Five years. Where did the time go? Things have changed so much in such little time. Her children are now 10 and seven. I look at the last few pictures of my sister’s life and the kids are so small. My nephew is just a little pea pod of two years old. Does he truly remember her? Does he remember her sweet smile and demeanor? Does he remember her holding him and rocking him? He knows her picture and talks as though he does. We can only hope. My niece who was five at the time remembers her but what does she remember? And how much does she remember of my sister’s illness and battle with cancer? How does that impact her? All we can do is hope that they go to therapy or a support group like Valerie’s House if they need it and develop into happy, loving, kind human beings.

I can’t imagine losing a spouse. Of course, marriages are not perfect. They take work, communication, respect, and love. And yes, sometimes you really want your spouse to go away, but you don’t expect to lose someone to cancer at such a young age. My sister was only 38 years old and her husband was only 33. Their lives were just beginning and their family was just starting. Sometimes I get so upset that she finally found the love of her life and then she was taken away. Sometimes this life seems so unfair. I want to scream, and I want her to come back, but yet again, I have to move forward. I have no control over life’s events.

Since she must have been needed in Heaven and can’t be with us anymore, we need to realize that she would want us all to live life to the fullest until we meet her again. In my heart, I know that she would want her husband and her children to be happy. She would want her husband to find love again. She would want him to smile, laugh, go on adventures, and have fun. She would want him to find a woman to help nurture her children. She would want someone in her children’s lives who would love them and treat them with kindness and respect. She would want them to know love and see their father happy. She would want her children to exude positive energy and happiness, not sorrow and despair. I believe my brother-in-law has found someone that exudes those qualities that my sister would want. I am truly happy for him and the kids.

Here we are almost five years later. Even though I miss my sister more than words can say and wish she was here more than anything, I am grateful that my brother-in-law has found someone. This new woman and her family celebrated the holidays with our family. It seems this woman has brought a lot of positive changes to my brother-in-law’s life. When I see him with her, I see them smiling, laughing, and enjoying each other and each other’s children. I like her a lot and hope we become closer as time moves on. I am excited to embrace these new family members and am open to creating a bond with this new woman and her family. I hope she is as open to me as I am to her, and I can’t wait to see where this journey takes us.
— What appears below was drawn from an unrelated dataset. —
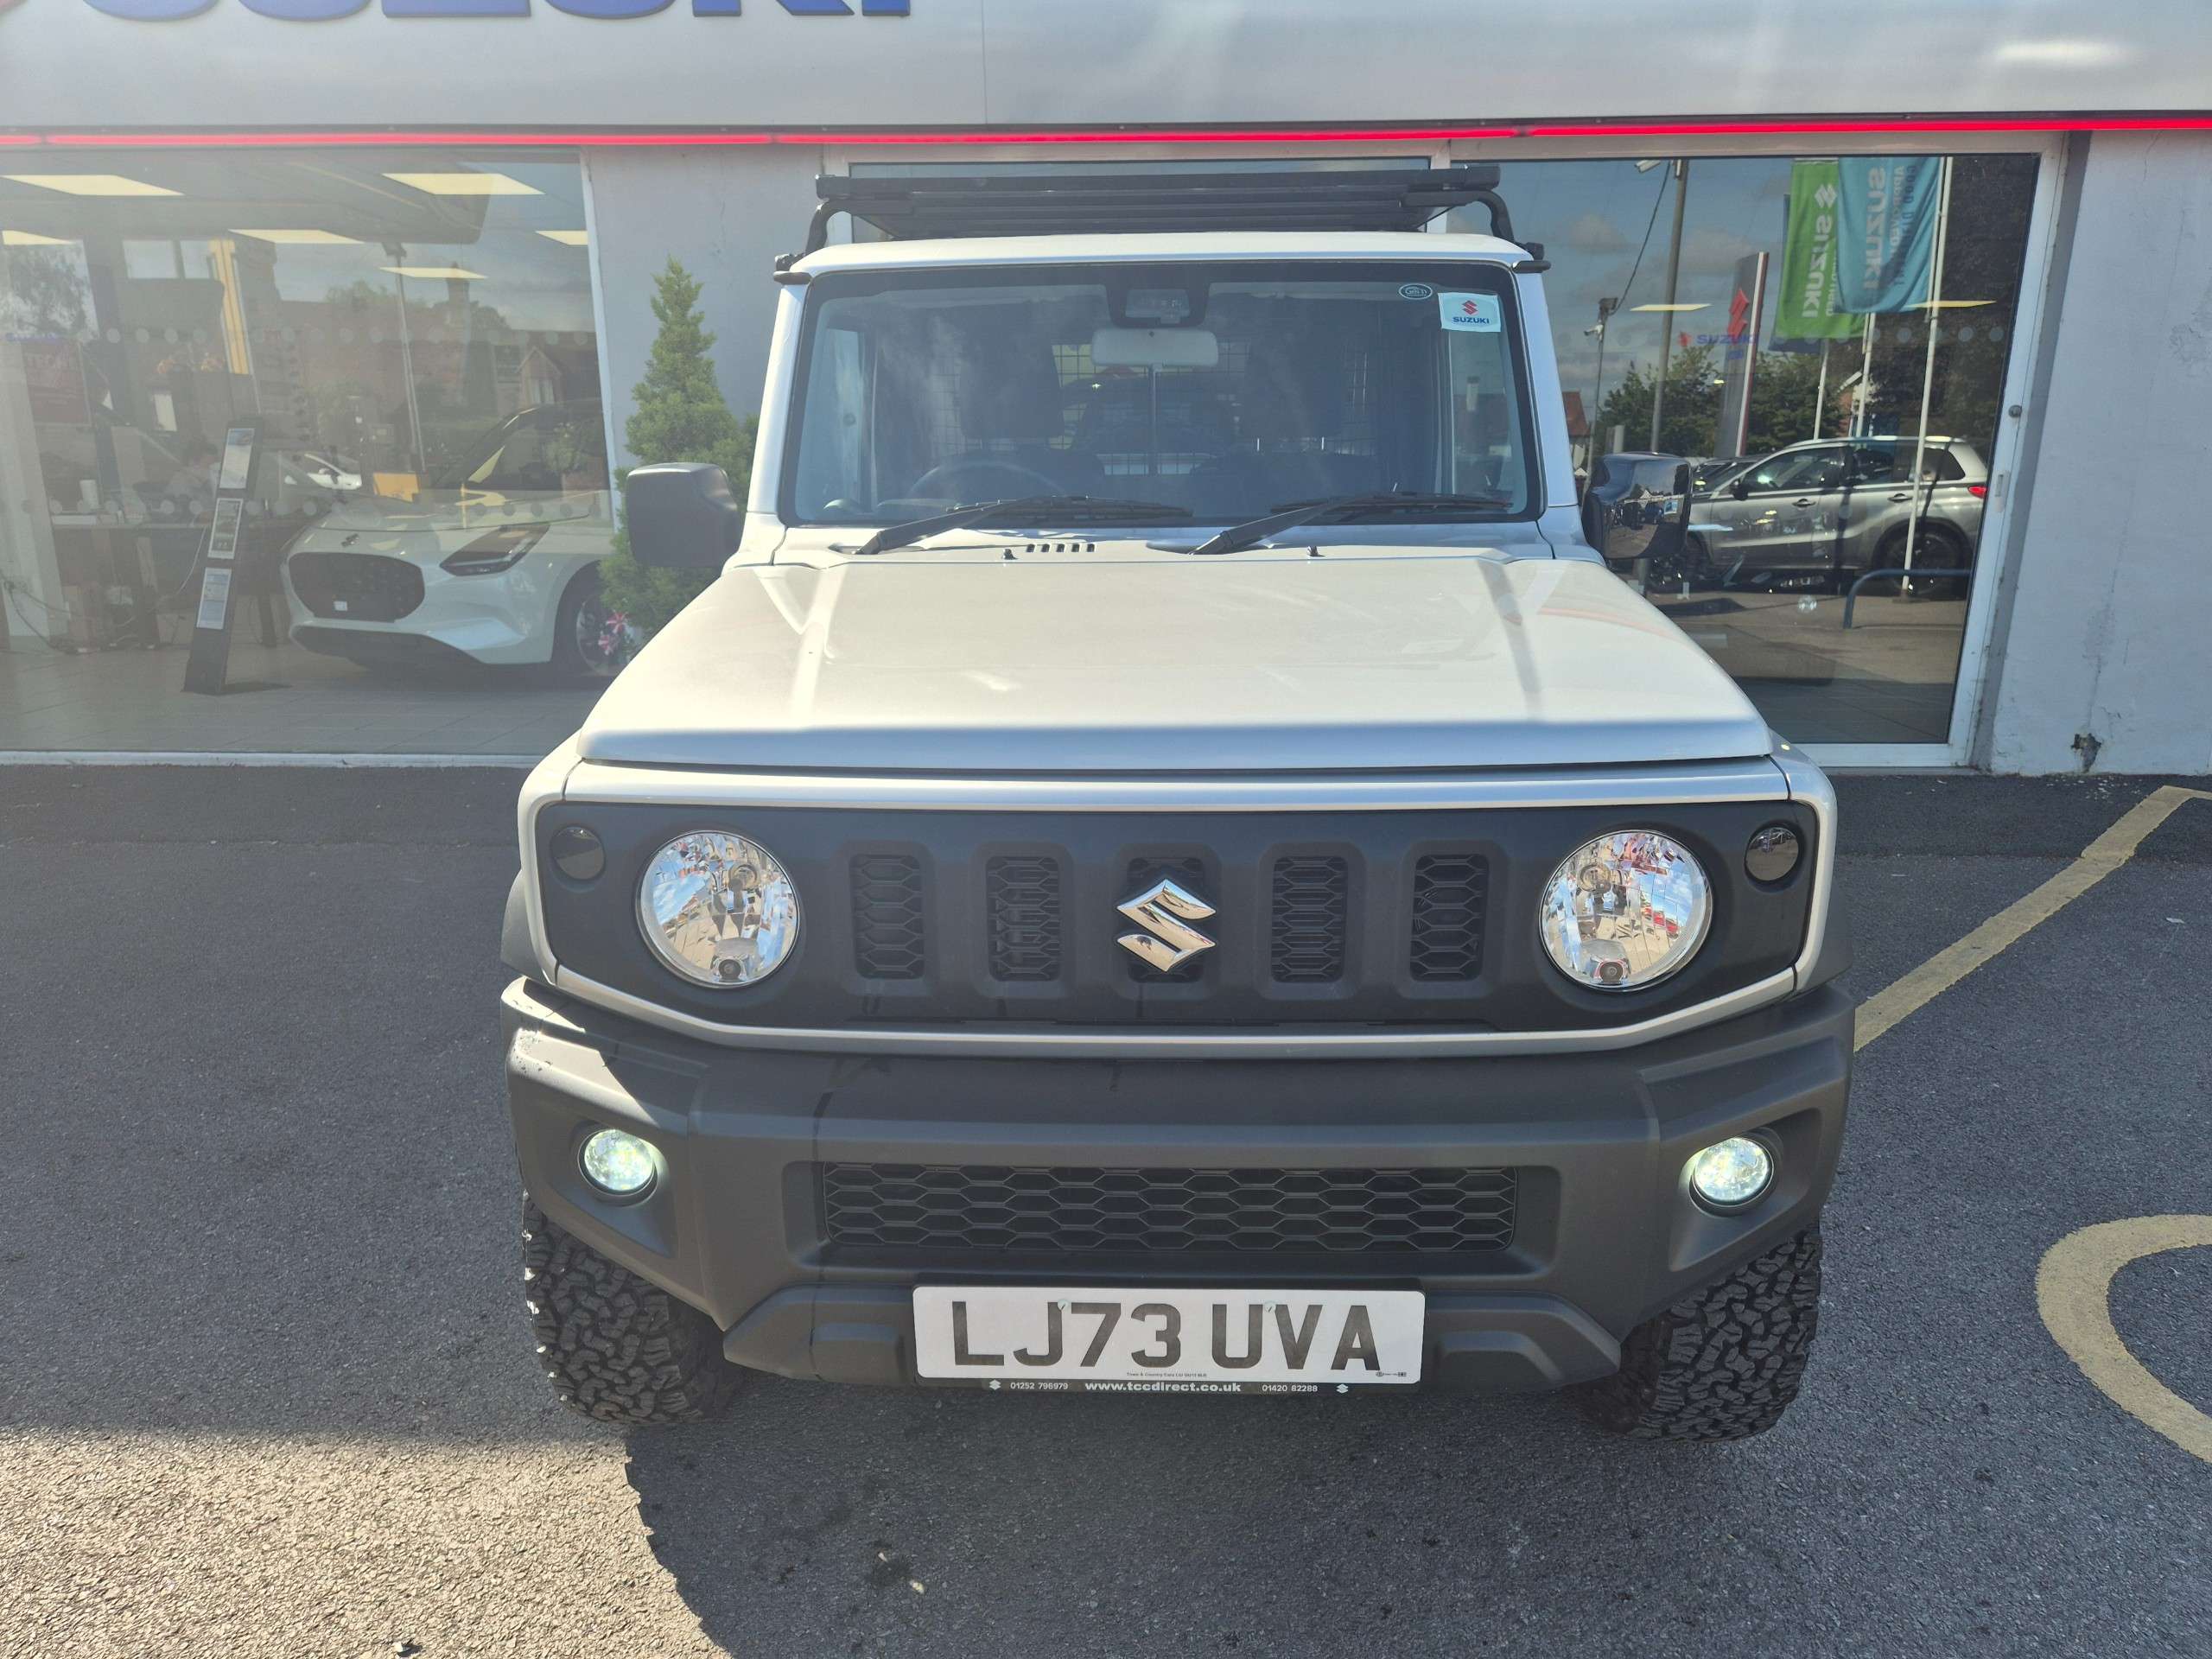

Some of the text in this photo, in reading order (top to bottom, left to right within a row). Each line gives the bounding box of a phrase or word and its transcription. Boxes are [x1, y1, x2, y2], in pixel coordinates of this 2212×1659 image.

[951, 1300, 1381, 1371] LJ73 UVA
[1084, 1382, 1242, 1392] www.tccdirect.co.uk
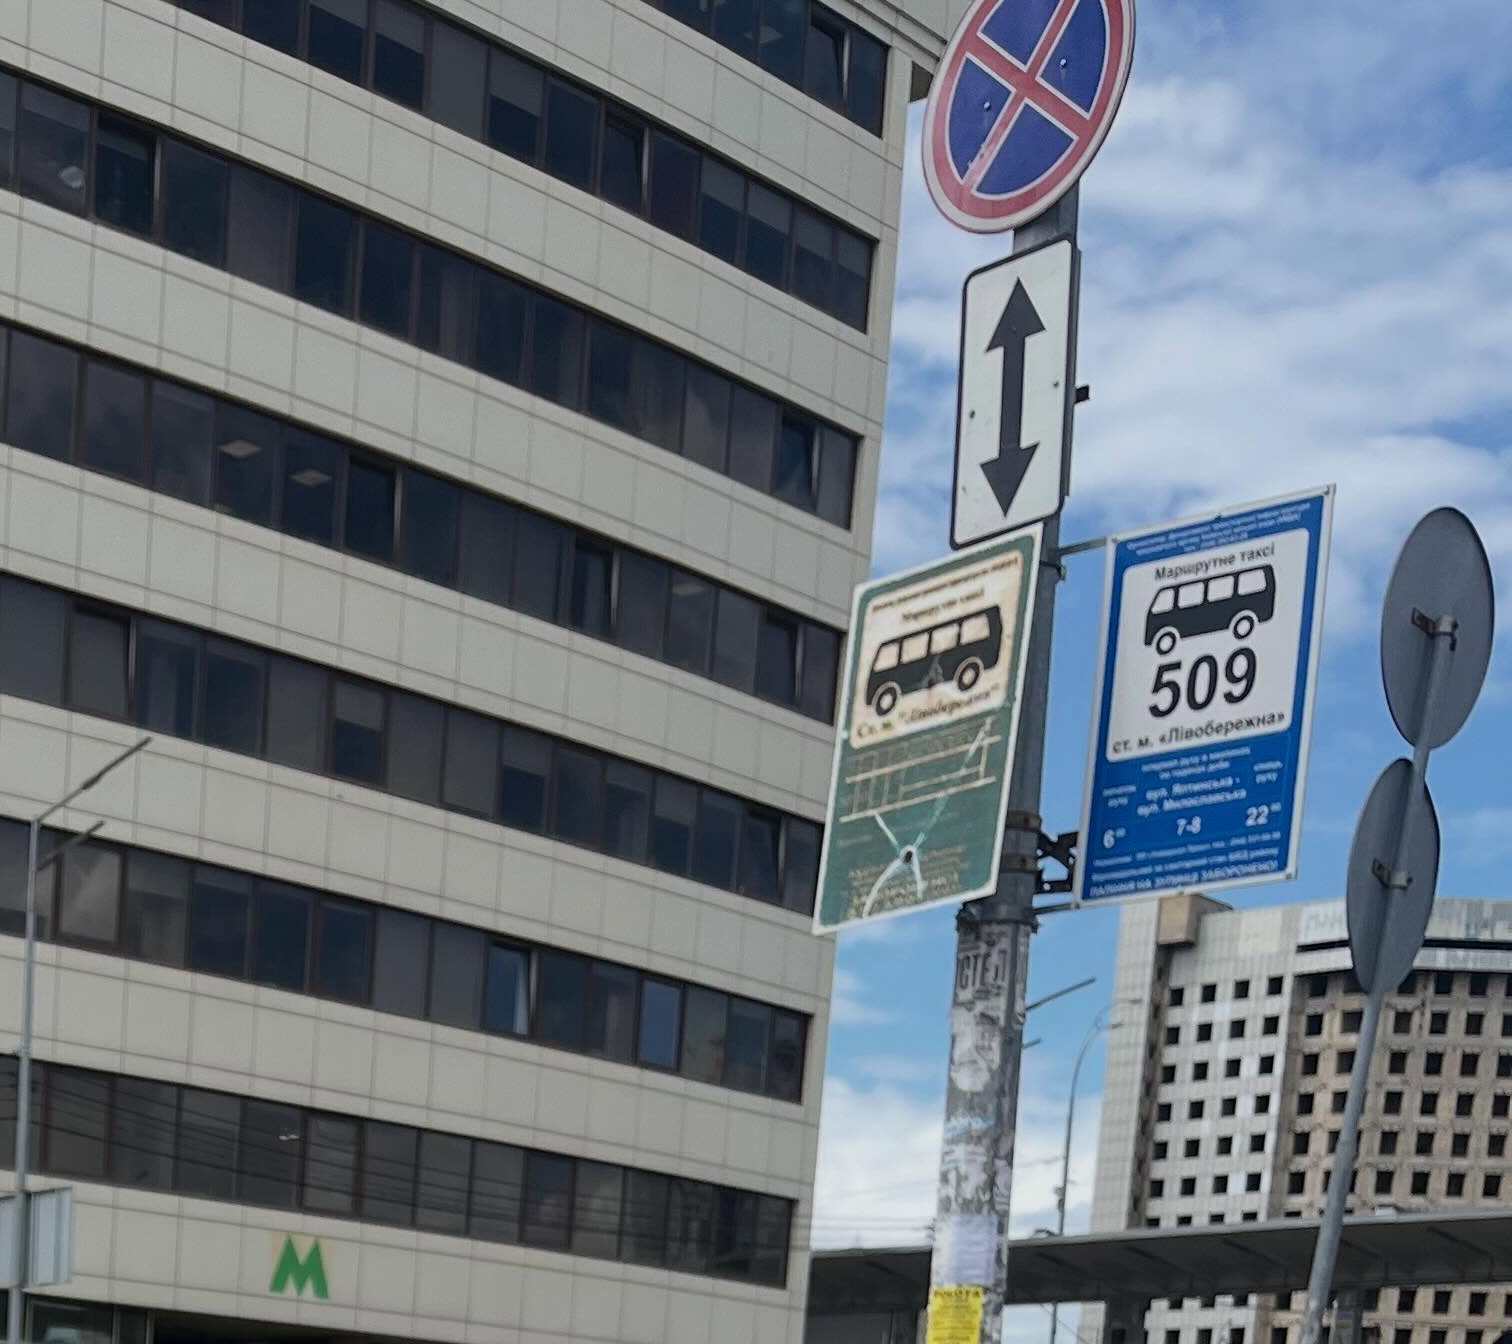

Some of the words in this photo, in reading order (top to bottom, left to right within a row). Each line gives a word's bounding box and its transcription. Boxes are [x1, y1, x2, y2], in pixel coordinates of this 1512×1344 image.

five years stacy and new gf

Yes, change is hard. Losing a family member is hard. Losing a young life is hard. Life is hard. Sometimes family dynamics unexpectedly change and sometimes family becomes people who are not necessarily related to you by blood. And sometimes you find new family members actually related to you by blood. The one thing we can all count on is that life changes. Let’s embrace those changes and make the best of the situations we are in.

Happy New Year, everyone! I hope this year you embrace new adventures. I hope you embrace new family members, and I hope you realize life is too short to hold grudges, to be pissed off at the little things, and to degrade other people because you feel bad about yourself. Let’s make an effort to celebrate and support one another in 2023.